The Federation of Small Businesses says a decade-long freeze on the relief threshold, coupled with backdated changes hitting shared offices, is “directly undermining” the government’s growth agenda.

More than 100,000 small companies have been pulled into the business rates regime for the first time, prompting the country’s largest small business lobby group to demand an urgent rethink from the Treasury.

The Federation of Small Businesses (FSB) has written to Daniel Tomlinson, exchequer secretary to the Treasury, urging ministers to lift the threshold at which premises become liable for the property tax, and to reverse a separate change in methodology that is leaving start-ups and micro-businesses in shared offices nursing unexpected bills running into thousands of pounds.

By piling further costs on the smallest firms, the FSB warned, the existing regime “directly undermines the government’s own growth ambitions”, a pointed reminder that the chancellor’s pro-growth rhetoric is being tested on the high street as much as in the City.

Business rates are levied on most commercial properties in England and are calculated on a building’s rateable value, an estimate of its open-market annual rent set by the Valuation Office Agency (VOA). Single-site small firms pay nothing if their rateable value sits below £15,000, a threshold that has not budged in ten years.

That decade of inertia, combined with the VOA’s latest revaluation cycle, means an estimated 104,000 small business premises were dragged inside the rates regime when the new financial year began in April. Before taking office in 2024, Labour had floated raising the threshold for small business rates relief from £15,000 to £25,000. Two years on, the FSB wants the chancellor to honour the spirit of that pledge.

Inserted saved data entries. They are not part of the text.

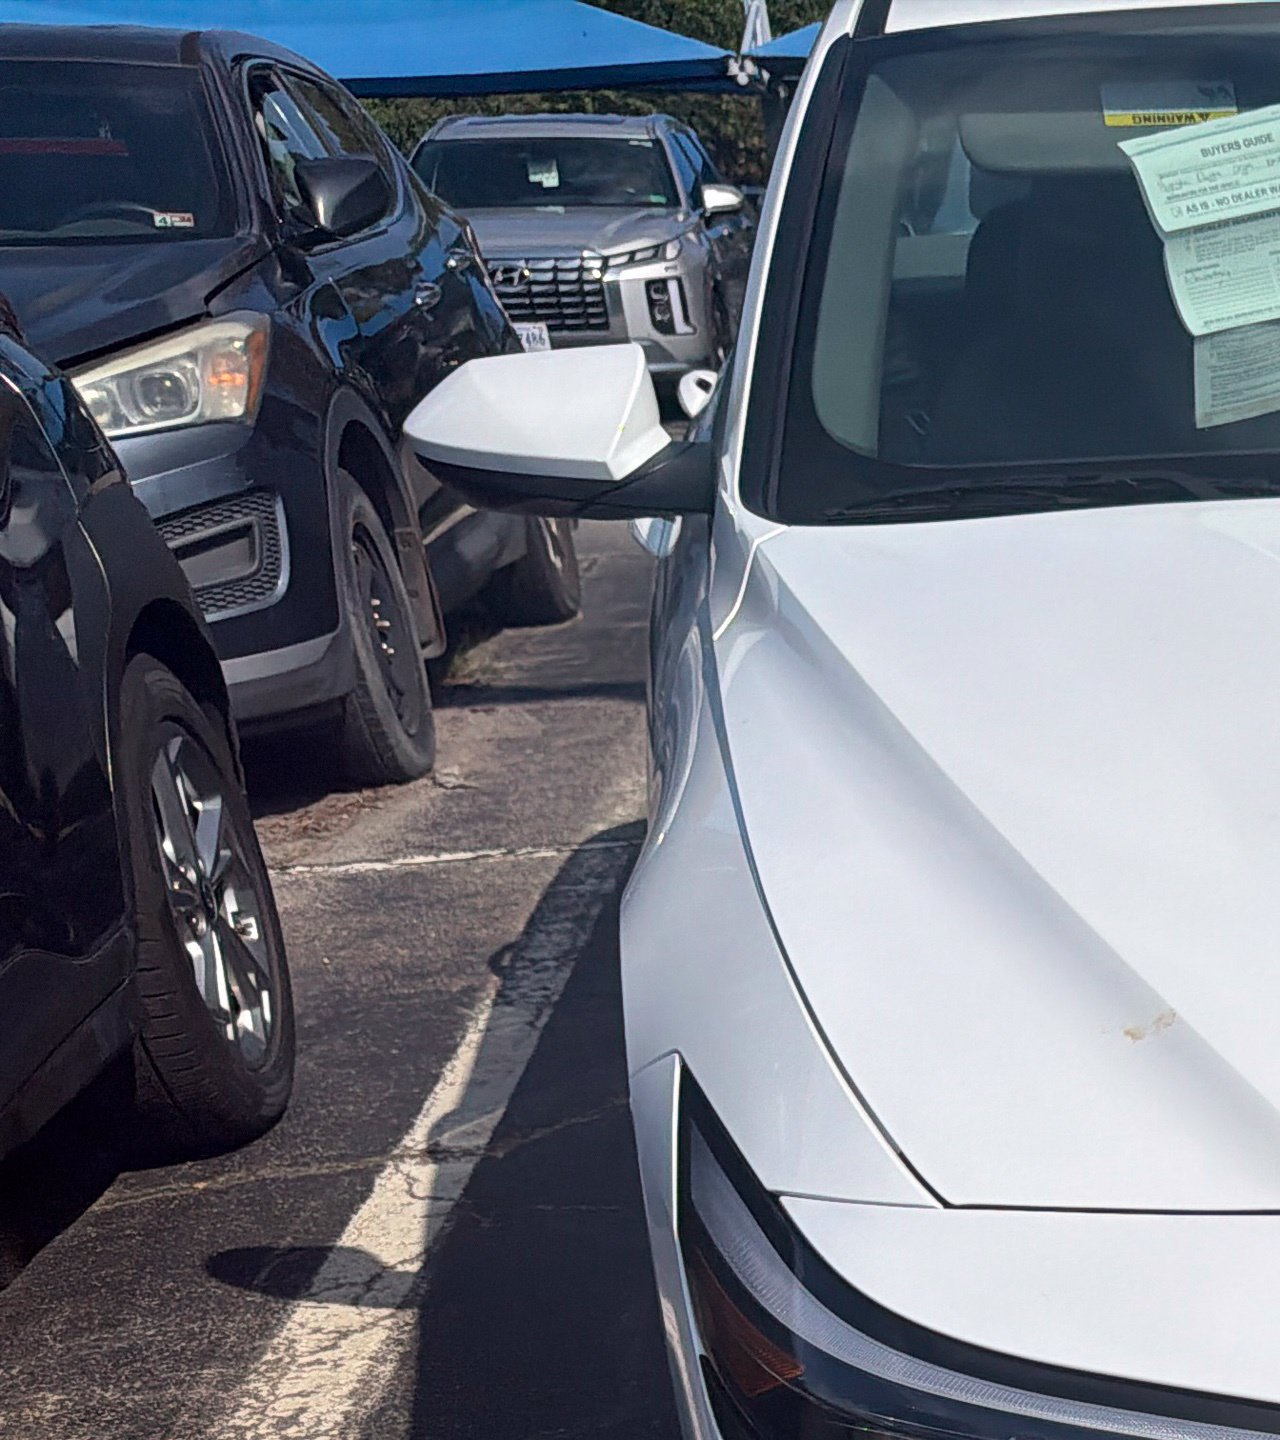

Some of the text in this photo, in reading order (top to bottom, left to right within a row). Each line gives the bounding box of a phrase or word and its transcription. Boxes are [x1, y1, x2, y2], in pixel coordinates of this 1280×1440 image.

[1200, 133, 1275, 158] BUYERS GUIDE
[1185, 204, 1198, 215] AS
[1200, 201, 1210, 211] IS
[1216, 196, 1230, 206] NO
[1231, 187, 1268, 203] DEALER

Lifting the bar, the group argues, would predominantly benefit firms outside the capital, where property values keep most premises below the £25,000 mark. “This would take thousands of businesses out of paying the regressive pre-profit tax that we know holds back growth,” the FSB said, “and these are primarily across the north-east, north-west, Yorkshire and south-west, where rateable values, and prosperity levels, are lower.”

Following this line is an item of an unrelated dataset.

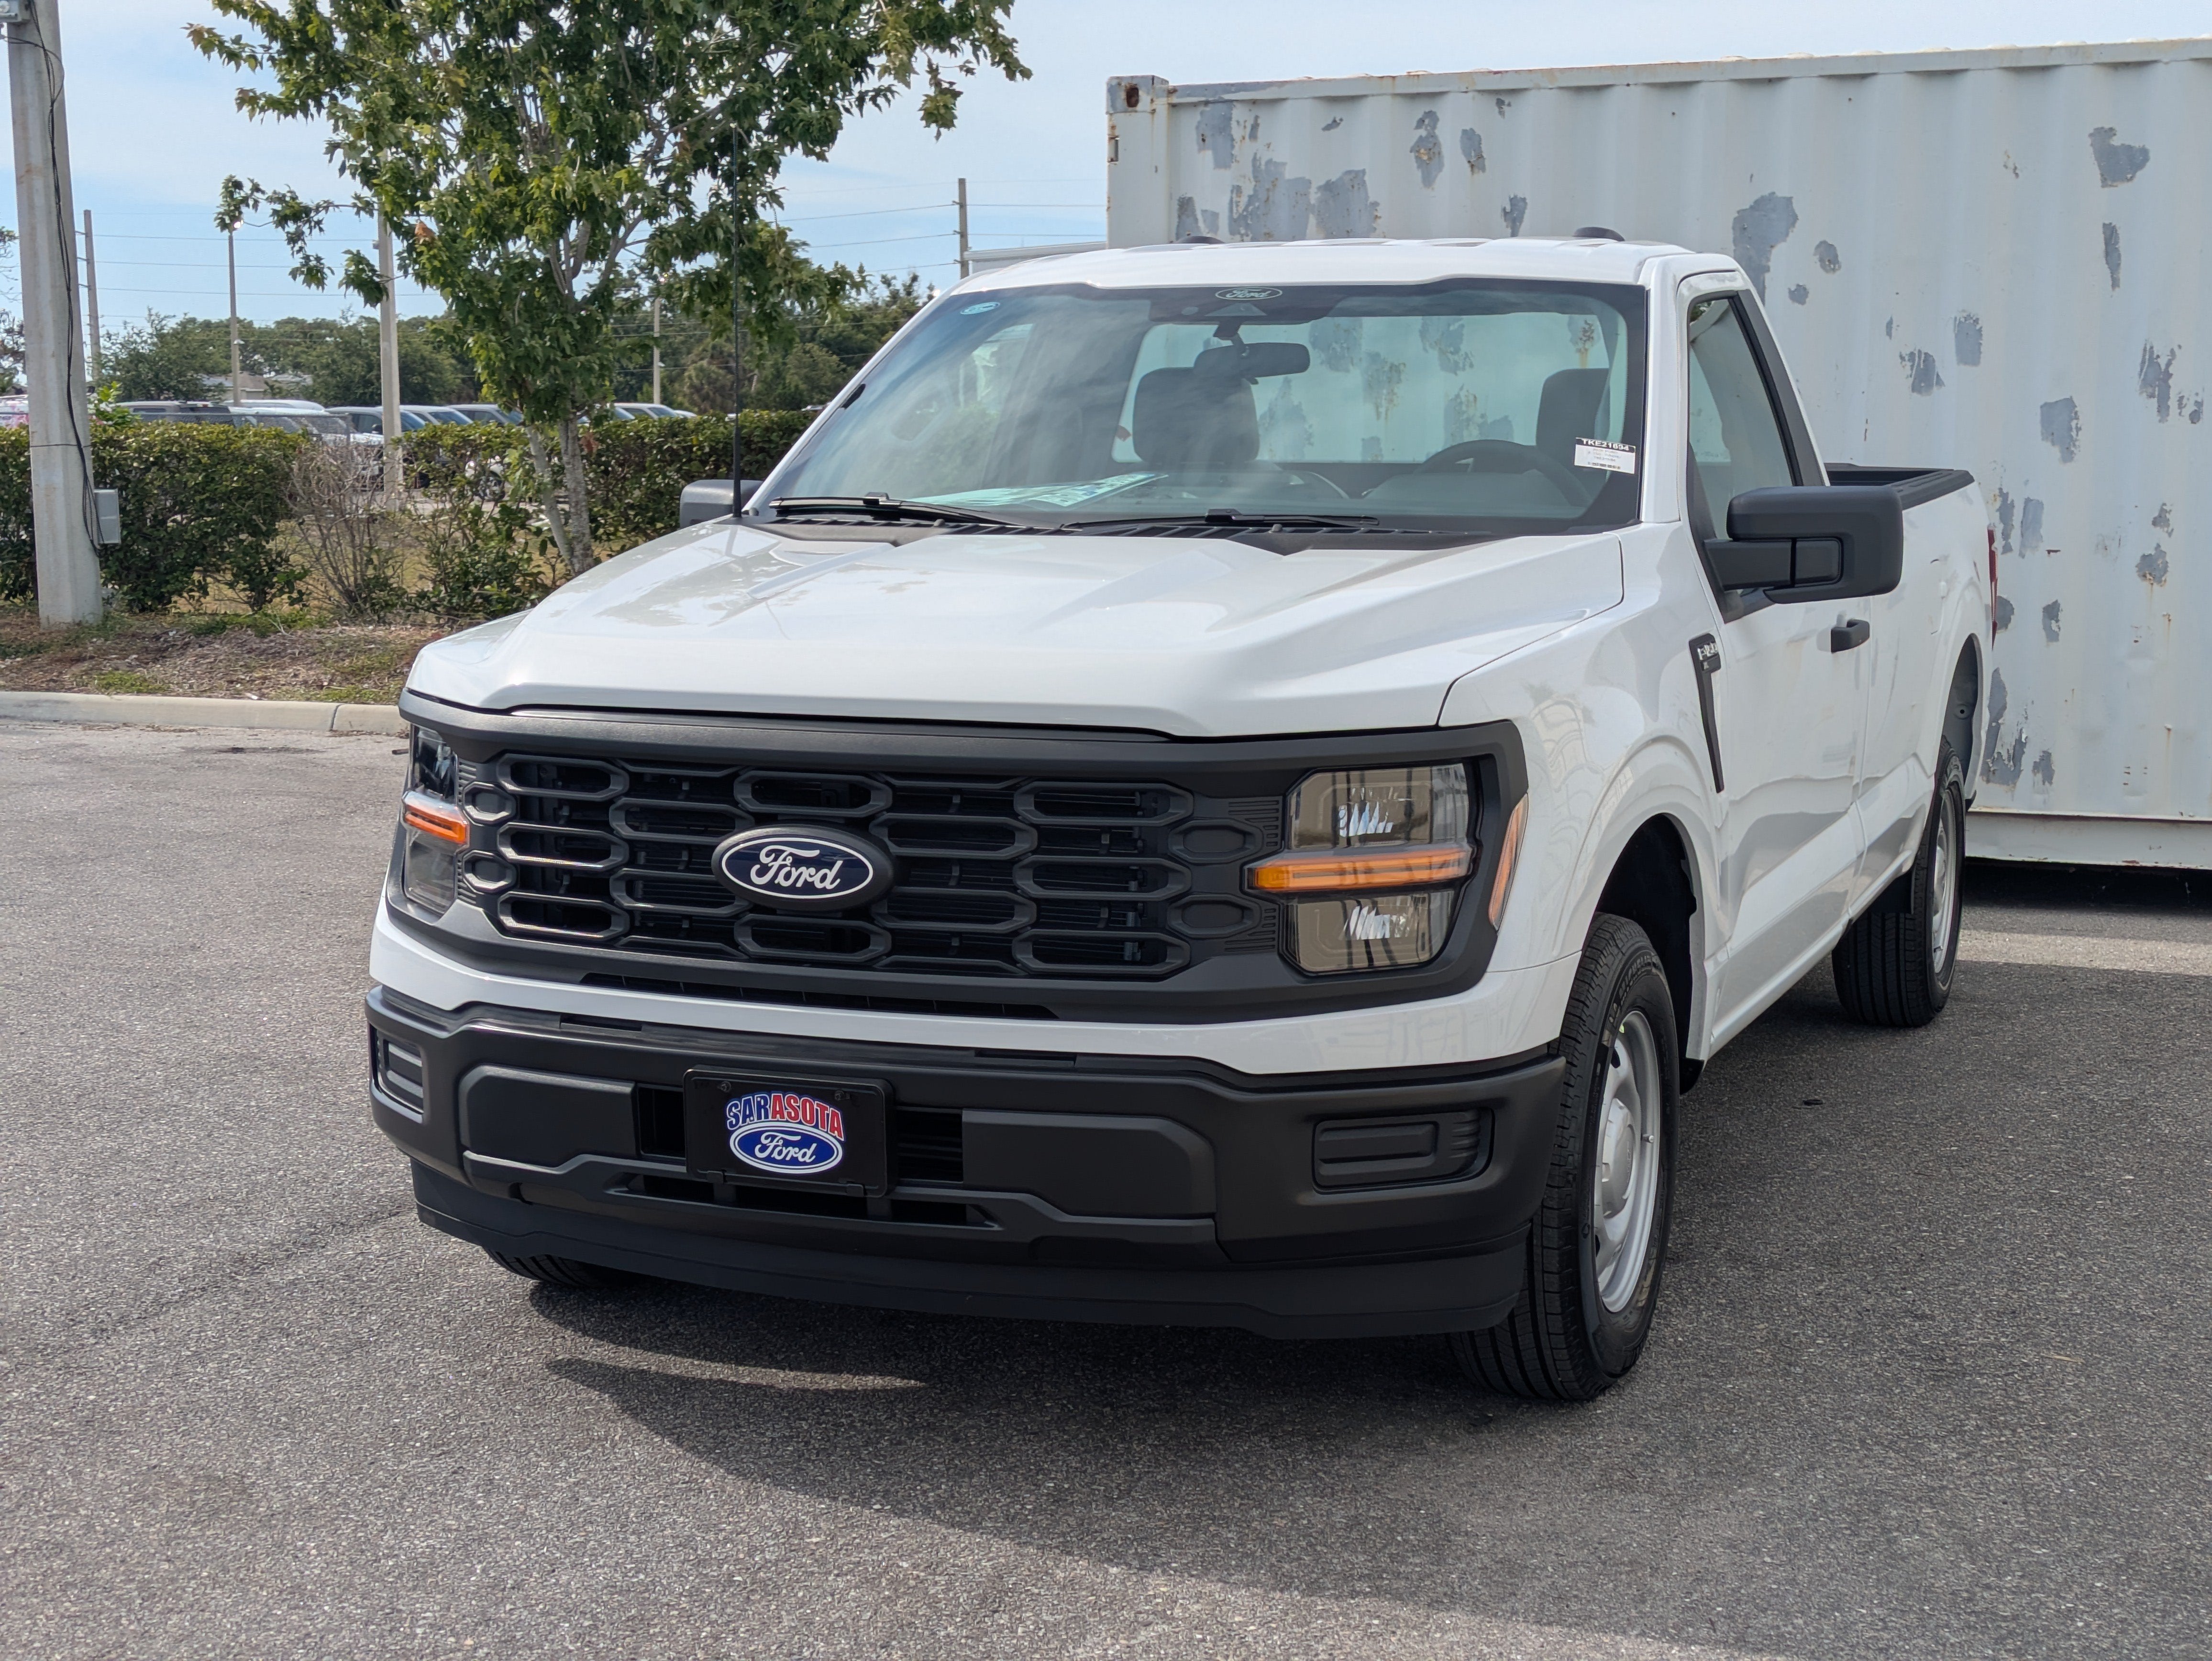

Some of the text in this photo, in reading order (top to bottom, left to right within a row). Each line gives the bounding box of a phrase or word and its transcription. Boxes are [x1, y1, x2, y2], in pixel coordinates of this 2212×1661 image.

[1225, 288, 1271, 298] Ford
[750, 845, 843, 890] Ford
[726, 1093, 846, 1141] SARASOTA
[754, 1131, 816, 1163] Ford

The FSB’s letter also flags what it calls an “escalating problem” for firms based in serviced and shared offices, typically start-ups and micro-businesses that have driven much of the post-pandemic recovery in regional cities.

A VOA change to how rateable values are calculated for such buildings, introduced in April and applied retrospectively, has stripped many tenants of the relief they previously claimed. Some are now staring at backdated demands running to several thousand pounds, an issue that has already drawn warnings from operators that the reclassification could put serviced offices at risk across regional markets.

“If this change of methodology from the VOA continues unchecked, the impact would be concentrated overwhelmingly on micro-businesses and SMEs in second cities and regional economies,” the FSB warned, characterising the change as a quirk of how rules are being applied rather than a “deliberate intended policy decision by government ministers”. The group wants officials to revert to the previous methodology.

Calls for wholesale reform of business rates are scarcely new. Pressure has been building from across the economy, most recently from manufacturers, who are bracing for a £1 billion rates bombshell as April’s revaluation feeds through to factory bills, and from hospitality operators who saw Rachel Reeves accused of imposing a “nice pub tax” earlier this year.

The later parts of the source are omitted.